Ingersoll's Lecture on "How the Gods Grow"


Ladies and Gentlemen: Priests have invented a crime called blasphemy. That crime is the breastwork behind which ignorance, superstition and hypocrisy have crouched for thousands of years, and shot their poisoned arrows at the pioneers of human thought. Priests tell us that there is a God somewhere in heaven who objects to a human being, thinking and expressing his thought. Priests tell us that there is a God somewhere who takes care of the people of this world; a God somewhere who watches over the widow and the orphan; a God somewhere who releases the slave; a God somewhere who visits the innocent man in prison; the same God that has allowed men for thousands of years to burn to ashes human beings simply for loving that God. We have been taught that it is dangerous to reason upon these subjects—extremely dangerous—and that of all crimes in the world, the greatest is to deny the existence of that God.

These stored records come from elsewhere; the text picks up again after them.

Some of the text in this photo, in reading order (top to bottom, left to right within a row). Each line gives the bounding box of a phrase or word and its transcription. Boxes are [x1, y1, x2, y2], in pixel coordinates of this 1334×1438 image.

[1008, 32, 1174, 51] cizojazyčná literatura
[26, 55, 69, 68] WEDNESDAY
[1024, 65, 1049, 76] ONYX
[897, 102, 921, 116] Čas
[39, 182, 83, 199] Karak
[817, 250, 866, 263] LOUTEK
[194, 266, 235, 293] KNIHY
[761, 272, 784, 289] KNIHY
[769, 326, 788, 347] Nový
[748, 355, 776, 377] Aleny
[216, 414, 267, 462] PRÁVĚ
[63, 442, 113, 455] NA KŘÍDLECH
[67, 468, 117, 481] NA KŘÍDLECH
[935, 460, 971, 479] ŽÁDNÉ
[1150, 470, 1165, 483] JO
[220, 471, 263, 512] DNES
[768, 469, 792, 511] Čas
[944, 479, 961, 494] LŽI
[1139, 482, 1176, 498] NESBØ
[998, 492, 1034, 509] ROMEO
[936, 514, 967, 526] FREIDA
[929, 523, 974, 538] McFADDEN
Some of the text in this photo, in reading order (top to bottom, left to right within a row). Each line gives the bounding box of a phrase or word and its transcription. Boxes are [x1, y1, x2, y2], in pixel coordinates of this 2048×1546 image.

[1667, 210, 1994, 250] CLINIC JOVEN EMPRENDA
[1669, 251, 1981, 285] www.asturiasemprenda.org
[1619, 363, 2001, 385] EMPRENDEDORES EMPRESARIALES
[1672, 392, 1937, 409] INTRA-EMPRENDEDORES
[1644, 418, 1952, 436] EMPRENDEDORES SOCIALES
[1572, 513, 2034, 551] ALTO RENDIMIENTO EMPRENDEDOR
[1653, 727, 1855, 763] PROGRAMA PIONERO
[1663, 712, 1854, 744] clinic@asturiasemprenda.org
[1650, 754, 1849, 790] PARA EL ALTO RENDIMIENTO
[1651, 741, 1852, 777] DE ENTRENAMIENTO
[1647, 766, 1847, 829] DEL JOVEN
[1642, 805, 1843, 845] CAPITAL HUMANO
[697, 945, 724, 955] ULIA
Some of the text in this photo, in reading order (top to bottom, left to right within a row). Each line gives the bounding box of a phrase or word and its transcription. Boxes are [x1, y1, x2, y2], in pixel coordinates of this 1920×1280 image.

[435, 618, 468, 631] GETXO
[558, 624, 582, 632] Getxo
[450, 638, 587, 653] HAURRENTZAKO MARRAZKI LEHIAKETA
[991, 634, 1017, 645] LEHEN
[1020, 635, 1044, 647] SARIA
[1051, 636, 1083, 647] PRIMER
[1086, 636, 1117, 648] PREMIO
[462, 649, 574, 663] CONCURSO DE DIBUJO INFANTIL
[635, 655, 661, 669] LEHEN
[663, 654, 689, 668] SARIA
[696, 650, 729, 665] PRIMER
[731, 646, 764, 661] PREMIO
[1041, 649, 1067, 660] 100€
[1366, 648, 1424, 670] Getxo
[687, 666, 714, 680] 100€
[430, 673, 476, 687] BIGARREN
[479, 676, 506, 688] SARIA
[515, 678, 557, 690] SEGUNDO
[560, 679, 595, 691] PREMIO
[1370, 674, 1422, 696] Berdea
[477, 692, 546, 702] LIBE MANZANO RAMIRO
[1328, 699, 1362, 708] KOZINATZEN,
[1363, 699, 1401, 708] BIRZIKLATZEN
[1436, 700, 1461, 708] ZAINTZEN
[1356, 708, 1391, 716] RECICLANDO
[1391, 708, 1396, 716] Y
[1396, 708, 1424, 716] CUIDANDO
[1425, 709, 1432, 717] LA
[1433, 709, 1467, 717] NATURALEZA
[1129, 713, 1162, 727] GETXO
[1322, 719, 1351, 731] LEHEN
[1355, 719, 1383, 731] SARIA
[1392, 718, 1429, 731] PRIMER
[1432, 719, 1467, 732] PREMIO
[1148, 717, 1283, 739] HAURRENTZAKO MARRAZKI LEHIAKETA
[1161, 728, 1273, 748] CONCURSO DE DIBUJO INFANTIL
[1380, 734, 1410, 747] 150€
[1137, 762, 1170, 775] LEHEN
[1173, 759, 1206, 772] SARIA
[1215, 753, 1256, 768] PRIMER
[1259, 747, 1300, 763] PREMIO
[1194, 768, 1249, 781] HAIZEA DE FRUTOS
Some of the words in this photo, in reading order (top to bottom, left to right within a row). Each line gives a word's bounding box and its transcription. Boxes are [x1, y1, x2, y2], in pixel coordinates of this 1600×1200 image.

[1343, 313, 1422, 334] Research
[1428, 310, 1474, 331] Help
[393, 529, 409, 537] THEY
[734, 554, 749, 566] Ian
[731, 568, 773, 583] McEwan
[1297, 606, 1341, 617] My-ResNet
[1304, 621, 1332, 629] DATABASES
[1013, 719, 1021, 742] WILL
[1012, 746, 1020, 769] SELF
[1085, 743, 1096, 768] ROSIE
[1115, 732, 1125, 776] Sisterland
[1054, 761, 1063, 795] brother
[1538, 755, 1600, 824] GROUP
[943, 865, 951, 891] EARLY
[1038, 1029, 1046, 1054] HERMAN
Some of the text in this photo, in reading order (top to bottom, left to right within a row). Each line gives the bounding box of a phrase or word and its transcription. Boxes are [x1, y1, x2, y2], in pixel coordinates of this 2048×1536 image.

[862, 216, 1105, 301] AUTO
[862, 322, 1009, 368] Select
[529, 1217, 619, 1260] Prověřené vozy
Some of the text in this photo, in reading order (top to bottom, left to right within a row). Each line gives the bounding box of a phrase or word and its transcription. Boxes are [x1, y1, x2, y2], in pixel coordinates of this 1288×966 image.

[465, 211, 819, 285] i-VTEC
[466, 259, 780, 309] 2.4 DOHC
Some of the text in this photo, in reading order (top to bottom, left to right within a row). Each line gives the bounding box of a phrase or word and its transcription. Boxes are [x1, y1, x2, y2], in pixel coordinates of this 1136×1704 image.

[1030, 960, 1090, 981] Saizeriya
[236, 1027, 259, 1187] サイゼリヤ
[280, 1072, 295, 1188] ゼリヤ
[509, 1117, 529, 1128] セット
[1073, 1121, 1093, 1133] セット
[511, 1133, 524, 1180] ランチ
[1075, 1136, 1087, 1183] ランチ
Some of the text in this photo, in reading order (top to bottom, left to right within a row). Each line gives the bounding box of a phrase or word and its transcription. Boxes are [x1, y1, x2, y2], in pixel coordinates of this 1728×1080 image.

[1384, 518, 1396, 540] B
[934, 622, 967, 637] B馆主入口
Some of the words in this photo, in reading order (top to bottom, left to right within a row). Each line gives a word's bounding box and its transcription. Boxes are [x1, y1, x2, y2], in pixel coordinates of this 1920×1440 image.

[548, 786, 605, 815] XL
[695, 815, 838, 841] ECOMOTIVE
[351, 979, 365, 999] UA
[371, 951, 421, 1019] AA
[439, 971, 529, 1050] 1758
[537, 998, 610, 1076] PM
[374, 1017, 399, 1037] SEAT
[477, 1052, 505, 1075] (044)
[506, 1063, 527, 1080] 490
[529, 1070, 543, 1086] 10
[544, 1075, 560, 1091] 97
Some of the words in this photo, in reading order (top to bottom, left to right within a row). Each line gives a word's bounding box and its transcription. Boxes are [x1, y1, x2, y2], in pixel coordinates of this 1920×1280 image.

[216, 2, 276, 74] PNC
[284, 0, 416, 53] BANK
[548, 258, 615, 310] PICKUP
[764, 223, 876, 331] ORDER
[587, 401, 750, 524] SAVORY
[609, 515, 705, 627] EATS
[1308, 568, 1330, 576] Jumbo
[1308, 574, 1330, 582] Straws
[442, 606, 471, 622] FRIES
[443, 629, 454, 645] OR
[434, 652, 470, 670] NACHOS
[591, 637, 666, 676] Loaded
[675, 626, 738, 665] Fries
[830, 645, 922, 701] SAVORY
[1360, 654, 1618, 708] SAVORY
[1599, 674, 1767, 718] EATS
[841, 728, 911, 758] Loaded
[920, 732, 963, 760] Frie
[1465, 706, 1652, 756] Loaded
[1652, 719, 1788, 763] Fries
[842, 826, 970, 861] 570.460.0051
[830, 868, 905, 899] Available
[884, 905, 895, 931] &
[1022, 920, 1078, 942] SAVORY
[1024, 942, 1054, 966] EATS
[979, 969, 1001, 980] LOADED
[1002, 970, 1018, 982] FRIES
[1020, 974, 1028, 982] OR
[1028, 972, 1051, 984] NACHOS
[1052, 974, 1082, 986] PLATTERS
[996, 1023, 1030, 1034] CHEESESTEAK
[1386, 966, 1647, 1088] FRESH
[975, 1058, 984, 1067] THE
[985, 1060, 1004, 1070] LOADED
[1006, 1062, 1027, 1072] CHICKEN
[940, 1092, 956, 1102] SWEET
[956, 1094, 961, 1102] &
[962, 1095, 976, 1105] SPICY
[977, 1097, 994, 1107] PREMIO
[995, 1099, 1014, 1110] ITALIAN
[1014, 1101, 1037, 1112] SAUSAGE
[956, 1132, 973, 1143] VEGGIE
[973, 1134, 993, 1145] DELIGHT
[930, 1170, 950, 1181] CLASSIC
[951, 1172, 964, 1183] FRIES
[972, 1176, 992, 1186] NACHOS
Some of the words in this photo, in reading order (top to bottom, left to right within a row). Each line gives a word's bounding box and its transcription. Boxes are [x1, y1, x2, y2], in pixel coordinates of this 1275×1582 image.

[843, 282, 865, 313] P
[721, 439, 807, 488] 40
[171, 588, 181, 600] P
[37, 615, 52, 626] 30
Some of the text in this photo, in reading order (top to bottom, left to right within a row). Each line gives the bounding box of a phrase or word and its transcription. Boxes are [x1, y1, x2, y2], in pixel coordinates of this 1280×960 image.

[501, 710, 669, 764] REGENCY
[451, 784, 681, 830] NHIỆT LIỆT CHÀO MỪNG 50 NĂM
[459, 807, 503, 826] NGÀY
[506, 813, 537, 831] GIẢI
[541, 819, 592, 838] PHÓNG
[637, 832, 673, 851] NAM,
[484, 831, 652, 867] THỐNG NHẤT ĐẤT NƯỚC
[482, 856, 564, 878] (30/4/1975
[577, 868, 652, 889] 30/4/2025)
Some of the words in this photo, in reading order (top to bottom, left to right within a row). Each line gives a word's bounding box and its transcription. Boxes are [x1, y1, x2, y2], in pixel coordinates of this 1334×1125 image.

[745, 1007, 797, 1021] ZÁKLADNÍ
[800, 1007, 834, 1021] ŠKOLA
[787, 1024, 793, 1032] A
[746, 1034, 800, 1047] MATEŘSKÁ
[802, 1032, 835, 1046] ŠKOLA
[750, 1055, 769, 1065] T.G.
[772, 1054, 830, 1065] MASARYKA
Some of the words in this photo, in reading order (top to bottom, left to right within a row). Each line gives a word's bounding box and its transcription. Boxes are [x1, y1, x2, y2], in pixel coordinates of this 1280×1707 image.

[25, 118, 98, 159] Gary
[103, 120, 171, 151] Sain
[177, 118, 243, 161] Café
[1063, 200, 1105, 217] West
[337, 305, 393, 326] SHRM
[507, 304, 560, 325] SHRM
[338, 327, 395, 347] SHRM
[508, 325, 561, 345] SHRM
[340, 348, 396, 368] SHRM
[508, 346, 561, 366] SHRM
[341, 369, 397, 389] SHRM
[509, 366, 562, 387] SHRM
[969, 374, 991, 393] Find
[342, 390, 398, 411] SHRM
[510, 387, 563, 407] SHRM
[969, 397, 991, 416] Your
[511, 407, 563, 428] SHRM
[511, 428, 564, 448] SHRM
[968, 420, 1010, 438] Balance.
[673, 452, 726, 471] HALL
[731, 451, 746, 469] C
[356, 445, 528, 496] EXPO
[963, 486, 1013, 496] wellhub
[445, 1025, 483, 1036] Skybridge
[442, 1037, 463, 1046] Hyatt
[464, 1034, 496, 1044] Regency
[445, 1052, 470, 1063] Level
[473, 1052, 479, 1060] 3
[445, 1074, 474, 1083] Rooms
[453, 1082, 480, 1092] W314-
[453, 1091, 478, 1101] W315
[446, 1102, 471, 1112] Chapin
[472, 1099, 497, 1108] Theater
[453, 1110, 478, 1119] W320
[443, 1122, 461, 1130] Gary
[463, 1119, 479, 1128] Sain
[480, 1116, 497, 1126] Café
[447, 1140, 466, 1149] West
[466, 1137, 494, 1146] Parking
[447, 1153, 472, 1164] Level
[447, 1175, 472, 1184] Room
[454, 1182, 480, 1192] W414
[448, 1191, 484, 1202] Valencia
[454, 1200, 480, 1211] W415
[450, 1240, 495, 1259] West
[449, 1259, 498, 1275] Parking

Redden your hands in innocent blood; steal the bread of the orphan, deceive, ruin and desert the beautiful girl who has loved and trusted you, and for all this you may be forgiven; for all this you can have the clear writ of that bankrupt court of the gospel. But deny the existence of one of these gods, and the tearful face of mercy becomes lurid with eternal hate; the gates of heaven are shut against you, and you, with an infinite curse ringing in your ears, commence your wanderings as an immortal vagrant, as a deathless convict, as an eternal outcast. And we have been taught that the infinite has become enraged at the finite simply when the finite said: "I don't know!" Why, imagine it. Suppose Mr. Smith should hear a couple of small bugs in his front yard discussing the question as to the existence of Smith; and suppose one little red bug swore on the honor of a bug that, in his judgment, no such man as Smith lived. What would you think of Mr. Smith if he fell into a rage, and brought his heel down on this little atheist bug and said: "I will teach you that Smith is a diabolical fact!" And yet if there is an infinite God, there is infinitely a greater difference between that God and a human being than between Shakespeare and the smallest bug that ever crawled. It cannot be; there is something wrong in this thing somewhere.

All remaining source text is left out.